Bangsamoro Islamic Freedom Fighters (BIFF)chief Ameril Umbrakato (on horseback) leads his men in a mountain hideout in the southern province of Maguindanao (2011) USE 201401301032430620 Jason Gutierrez/IRIN
As overstretched authorities in the Philippine capital, Manila, grappled with rains that triggered fatal flooding across the city and surrounding areas last week, a separate man-made disaster erupted in the country’s troubled south, displacing thousands.

Hundreds of Bangsamoro Islamic Freedom Fighters (BIFF), a breakaway rebel faction, attacked eight military outposts and detachments in the southern province of Maguindanao, triggering week-long battles that left at least six soldiers and policemen and about a dozen guerrillas dead.

The first wave of attacks on 5 August plunged 11 of Maguindanao's 36 towns into chaos, as BIFF guerrillas sabotaged power lines and took control of a major highway that is vital to the province’s commerce, blocking it by fighting.

The National Disaster Risk Reduction and Management Council said close to 40,000 villagers were displaced at the peak of the fighting, about half of whom sought shelter in 20 nearby schools, mosques and churches converted into temporary evacuation centres.

Twin disasters

One day after the Maguindanao crisis broke, torrential downpours caused by seasonal southwest monsoon rains interacting with a tropical storm 900km away flooded about 80 percent of Manila and large farming tracts to the north.
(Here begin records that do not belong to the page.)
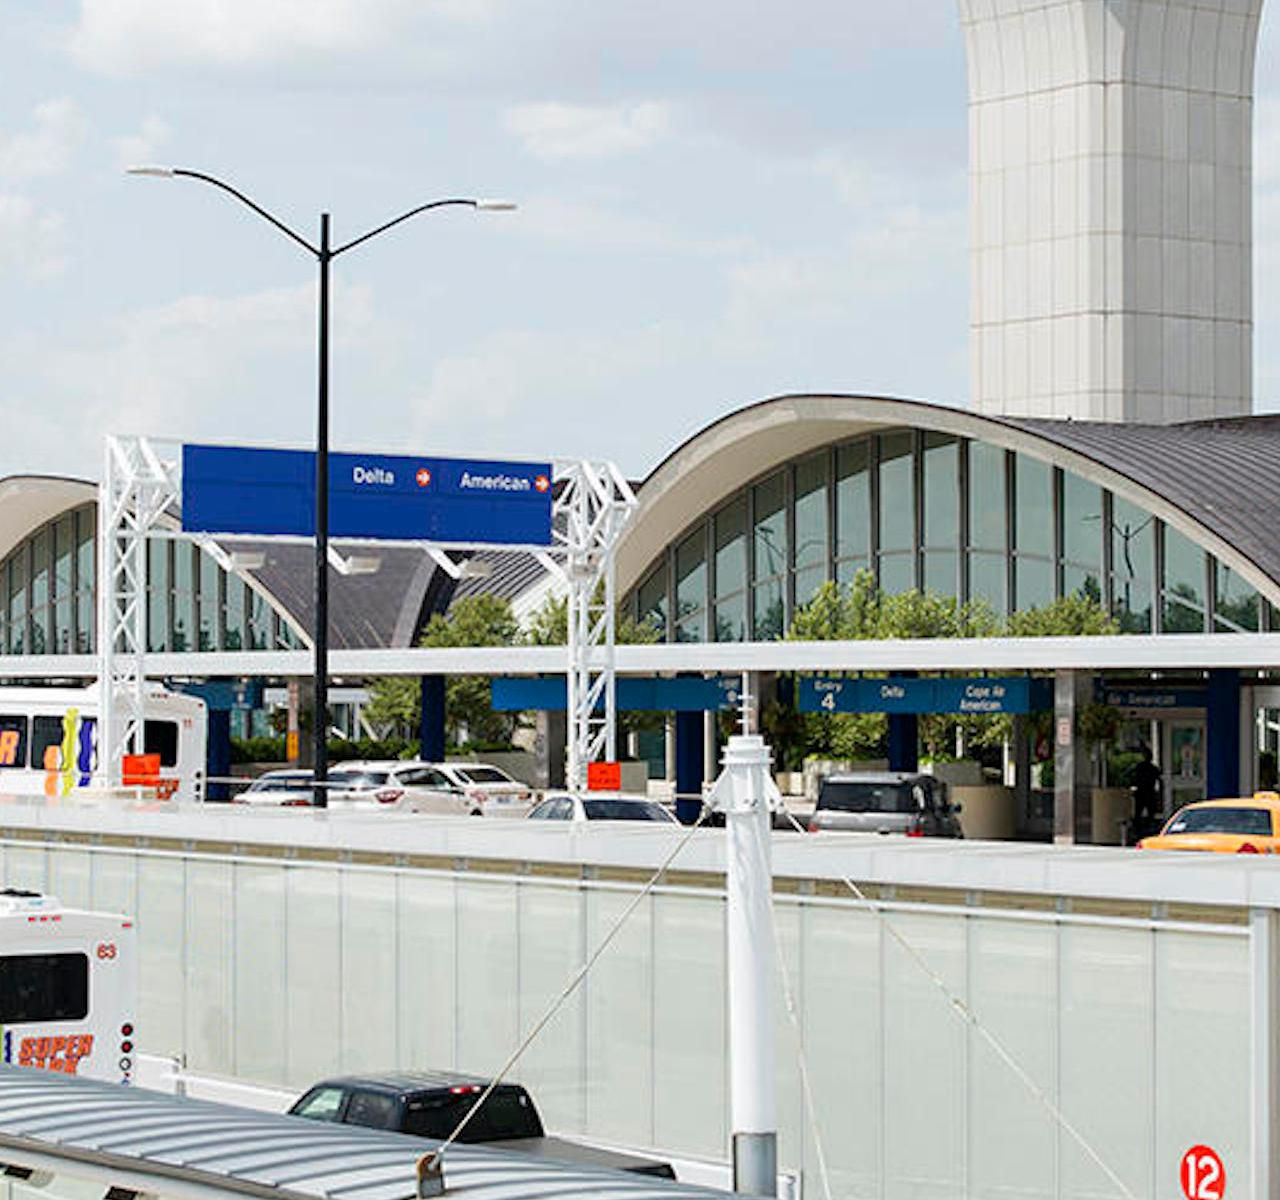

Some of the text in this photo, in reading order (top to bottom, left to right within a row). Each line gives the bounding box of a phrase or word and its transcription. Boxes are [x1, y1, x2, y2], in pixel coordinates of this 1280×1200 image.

[353, 466, 394, 485] Delta
[460, 472, 530, 491] American
[821, 692, 836, 710] 4
[96, 943, 117, 960] 63
[19, 1034, 94, 1063] SUPER
[1186, 1153, 1220, 1199] 12
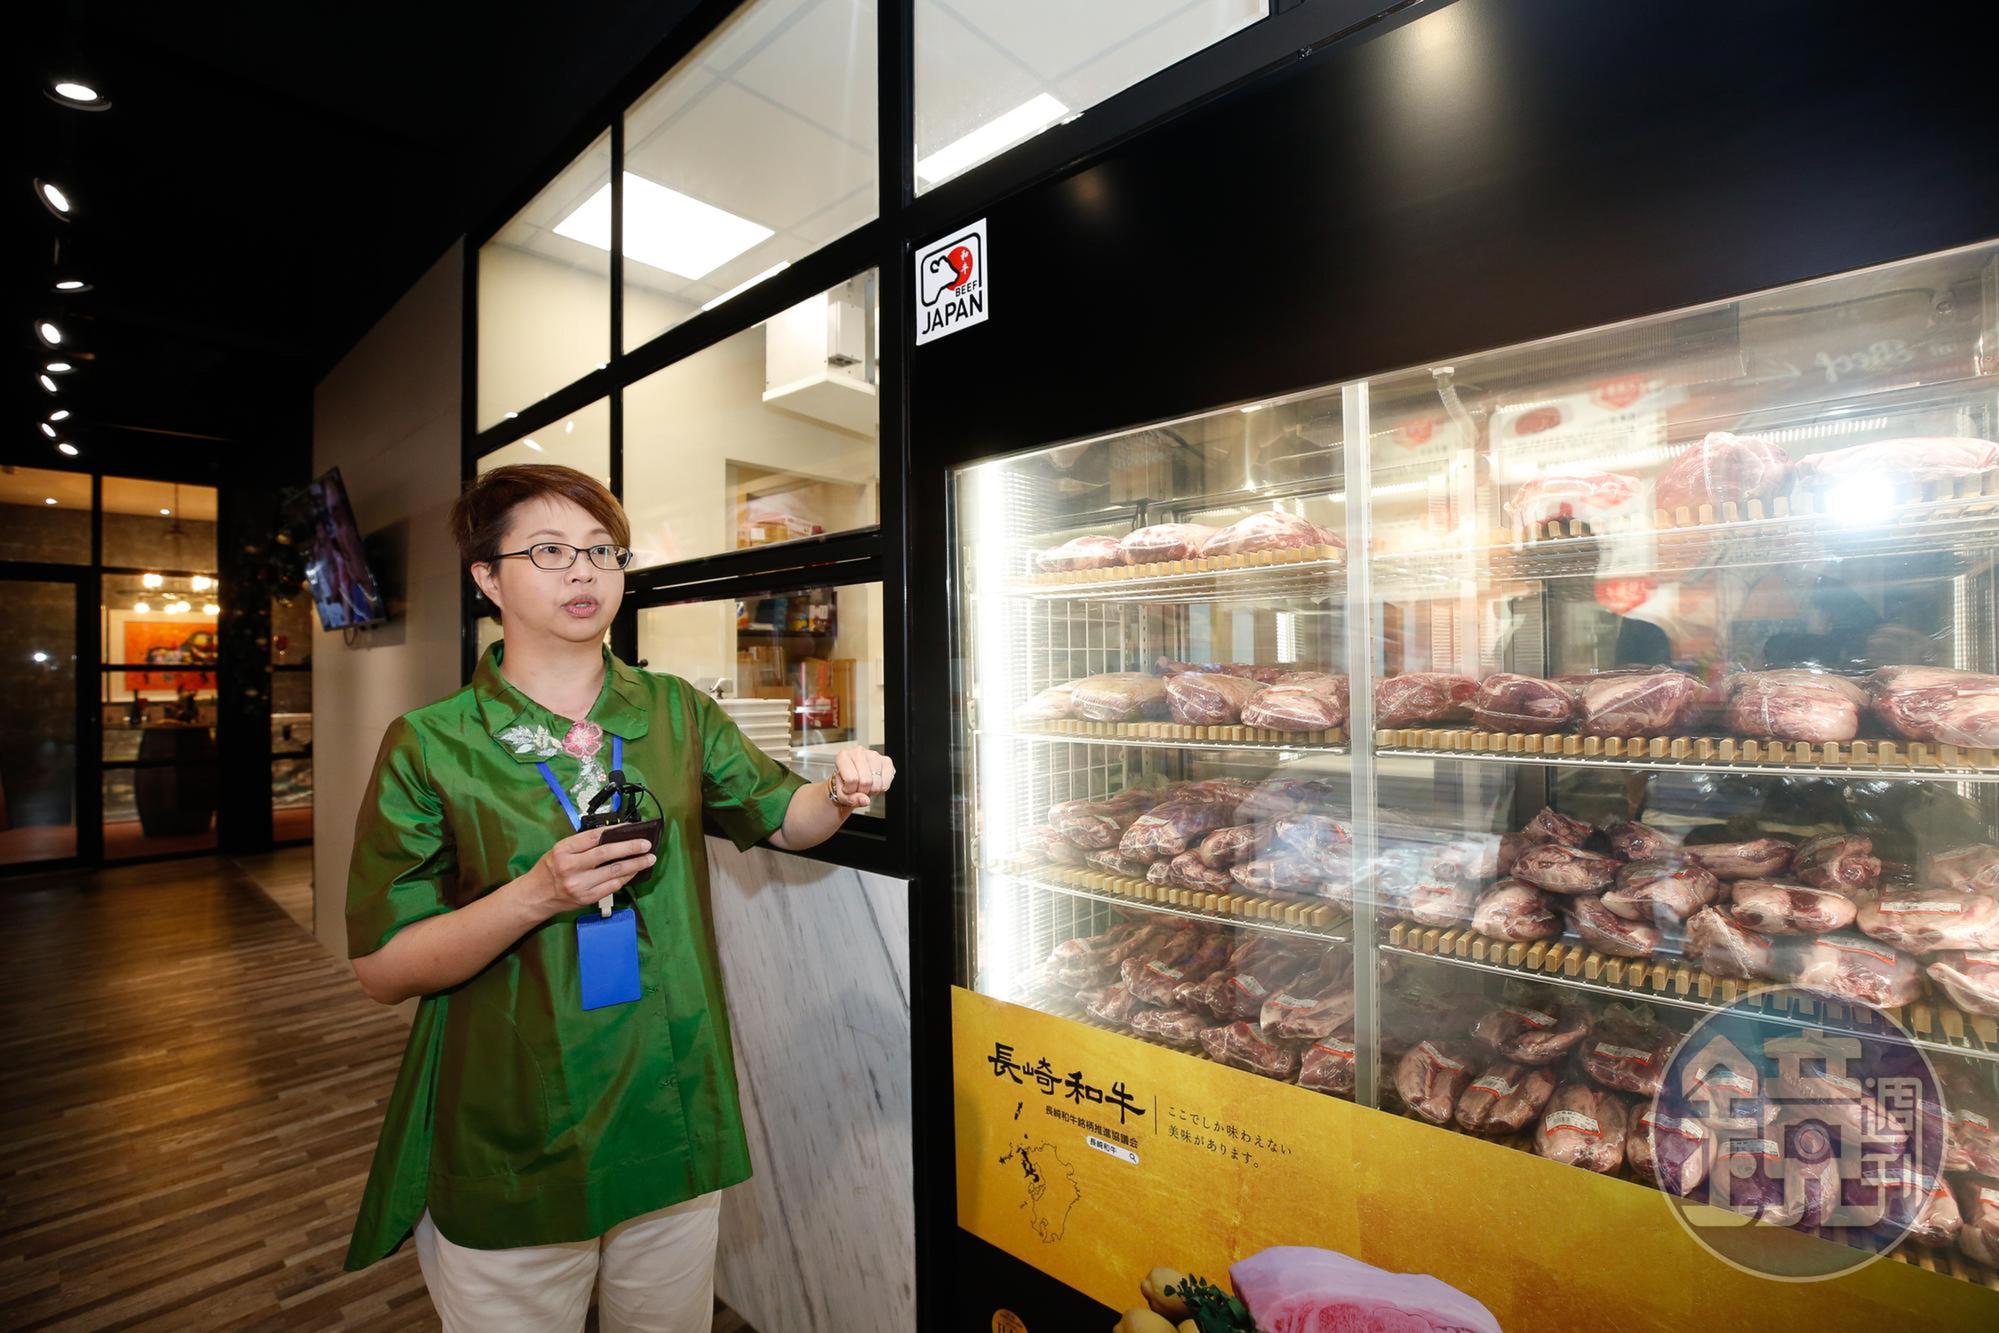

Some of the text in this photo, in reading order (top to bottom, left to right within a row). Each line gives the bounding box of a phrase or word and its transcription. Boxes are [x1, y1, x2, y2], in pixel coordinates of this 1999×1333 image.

[955, 280, 978, 298] BEEF
[922, 290, 983, 335] JAPAN
[988, 1042, 1146, 1125] 長崎和牛
[1168, 1106, 1292, 1155] ここでしか味わえない
[1168, 1124, 1261, 1169] 美味があります。
More than 3.7 million people were affected, almost 100 were killed and over 300,000 are still in evacuation camps.

The twin disasters overwhelmed logistic capacity as well as relief and rescue officials, and Social Welfare Secretary Corazon Soliman divided her time organizing mercy missions to both areas.

"There are still many evacuees in some areas, especially in the remote hinterlands [of Maguindanao] that people are trying to reach. There [is] still sporadic fighting in these areas, which makes it difficult for us," Soliman told IRIN.
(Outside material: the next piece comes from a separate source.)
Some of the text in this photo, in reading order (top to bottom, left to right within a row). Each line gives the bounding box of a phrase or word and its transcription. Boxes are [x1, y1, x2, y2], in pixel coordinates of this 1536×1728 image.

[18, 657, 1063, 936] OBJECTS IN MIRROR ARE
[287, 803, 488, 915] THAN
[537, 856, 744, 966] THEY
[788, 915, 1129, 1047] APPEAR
The military said it is hunting BIFF members rumoured to be hiding in the evacuation camps by blending in with thousands of displaced persons.

Local officials said up to 10,000 of the 17,240 people who fled the fighting last week were staying in the evacuation centres. "They are still afraid to go back because they might be caught in the crossfire," Soliman said.
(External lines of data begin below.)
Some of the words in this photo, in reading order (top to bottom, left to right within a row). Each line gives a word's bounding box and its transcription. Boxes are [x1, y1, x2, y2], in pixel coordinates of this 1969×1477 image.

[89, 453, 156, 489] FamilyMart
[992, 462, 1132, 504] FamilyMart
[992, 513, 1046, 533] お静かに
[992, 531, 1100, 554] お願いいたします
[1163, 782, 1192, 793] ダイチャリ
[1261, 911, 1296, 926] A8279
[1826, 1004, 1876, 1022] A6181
The International Committee of the Red Cross (ICRC) said it has reached 468 families in four evacuation centres with essential medicines and food items, as well as cooking kits, mats, tarpaulins and jerry cans.

"During our assessment on the ground in the last few days, it was clear that although these families were in evacuation centres, they still faced difficulties to cover themselves from the rainy weather," said Christoph Polajner, head of ICRC's mission in the south. "When they fled, these families left behind most of their possessions.”

The Muslim insurgency in Mindanao began in the early 1970s. Fighting has killed more than 150,000 people, while periodic flare-ups displace thousands at a time.

The government's chief peace adviser, Teresita Deles, said the attack by the BIFF was meant to "derail" ongoing peace talks between the government and the Moro Islamic Liberation Front (MILF), a 12,000-strong more mainstream group that has dropped its bid for full independence. The rebels are working out the details of a proposed autonomous region before agreeing to end decades of conflict.

The BIFF splinter group is led by Ameril Umbrakato, a Middle East-trained guerrilla and a former MILF commander. Several hundred fighters followed him when he split from the MILF last year, after accusing his former comrades of betraying their goal of creating an Islamic homeland for the Muslim minority in the country's southern Mindanao Island.

Umbrakato's spokesman, Abu Misri, told IRIN that the recent attacks were in retaliation for the alleged unprovoked killing of one of their men by soldiers as he tried to cross a military checkpoint, unarmed, in June.

"They always accuse the Muslims of starting the fighting, when in truth we are always subjected to discrimination and military atrocities," Misri said by phone from an unknown location after troops overran the rebels’ main camp in the jungle on 15 August. "They have not defeated us - there are still many of us."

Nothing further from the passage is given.